The younger people rarely ever go to see each other without first telephoning. Or since even young people seldom meet except for bridge, most likely it is Millicent Gilding who telephones the Struthers youth to ask if he can’t possibly get uptown before five o’clock to make a fourth with Mary and Jim and herself.
=HOW A FIRST VISIT IS MADE=
In very large cities, neighbors seldom call on each other. But if strangers move into a neighborhood in a small town or in the country, or at a watering-place, it is not only unfriendly but uncivil for their neighbors not to call on them. The older residents always call on the newer. And the person of greatest social prominence should make the first visit, or at least invite the younger or less prominent one to call on her; which the younger should promptly do.
Or two ladies of equal age or position may either one say, “I wish you would come to see me.” To which the other replies “I will with pleasure.” More usually the first one offers “I should like to come to see you, if I may.” And the other, of course, answers “I shall be delighted if you will.”
The first one, having suggested going to see the second, is bound in politeness to do so, otherwise she implies that the acquaintance on second thought seems distasteful to her.
Everyone invited to a wedding should call upon the bride on her return from the honeymoon. And when a man marries a girl from a distant place, courtesy absolutely demands that his friends and neighbors call on her as soon as she arrives in her new home.
=ON OPENING THE DOOR TO A VISITOR=
On the hall table in every house, there should be a small silver, or other card tray, a pad and a pencil. The nicest kind of pad is one that when folded, makes its own envelope, so that a message when written need not be left open. There are all varieties and sizes at all stationers.

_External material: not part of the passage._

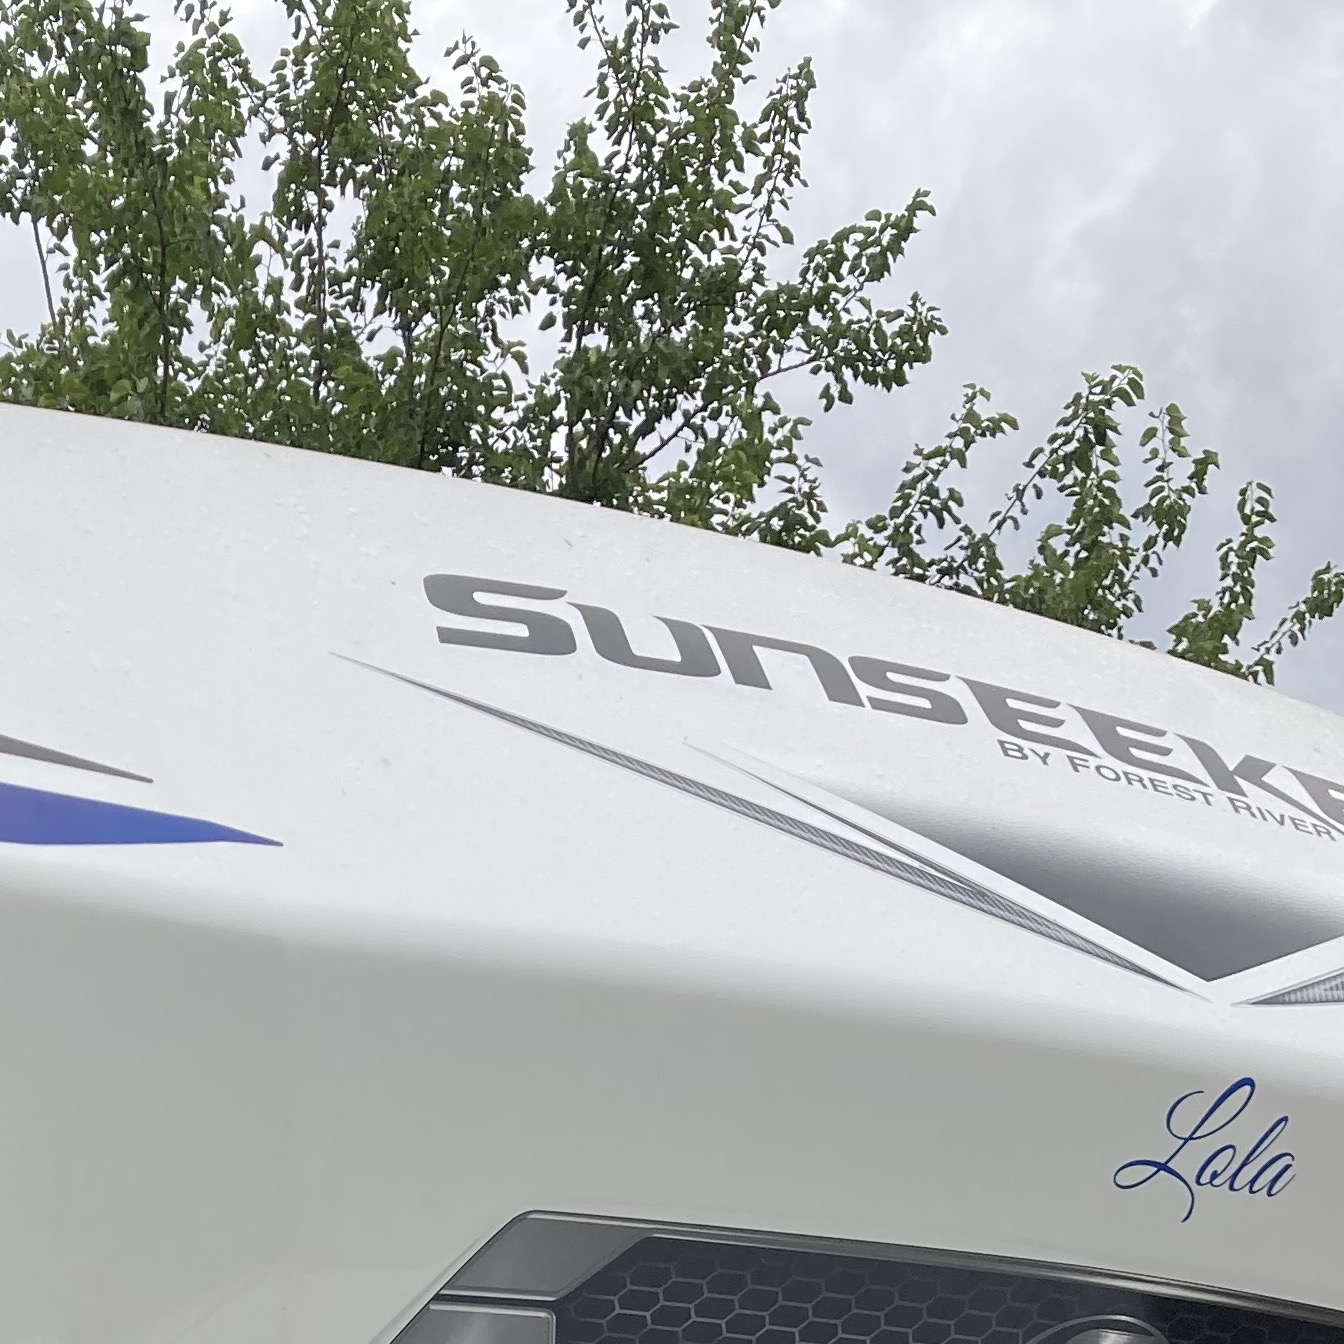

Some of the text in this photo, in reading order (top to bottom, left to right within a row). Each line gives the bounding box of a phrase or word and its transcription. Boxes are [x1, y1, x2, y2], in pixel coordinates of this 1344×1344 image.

[997, 739, 1337, 842] BY FOREST RIVER
[1114, 1076, 1298, 1223] Lola

When the door-bell rings, the servant on duty, who can easily see the chauffeur or lady approaching, should have the card tray ready to present, on the palm of the left hand. A servant at the door must never take the cards in his or her fingers.

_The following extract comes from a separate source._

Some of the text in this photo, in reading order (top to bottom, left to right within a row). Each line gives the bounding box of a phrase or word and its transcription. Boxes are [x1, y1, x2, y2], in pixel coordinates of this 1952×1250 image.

=CORRECT NUMBER OF CARDS TO LEAVE=
When the visitor herself rings the door-bell and the message is “not at home,” the butler or maid proffers the card tray on which the visitor lays a card of her own and her daughter’s for each lady in the house and a card of her husband’s and son’s for each lady and gentleman. But three is the greatest number ever left of any one card. In calling on Mrs. Town, who has three grown daughters and her mother living in the house, and a Mrs. Stranger staying with her whom the visitor was invited to a luncheon to meet, a card on each would need a packet of six. Instead, the visitor should leave three—one for Mrs. Town, one for all the other ladies of the house, and one for Mrs. Stranger. In asking to be received, her query at the door should be “Are any of the ladies at home?” Or in merely leaving her cards she should say “For all of the ladies.”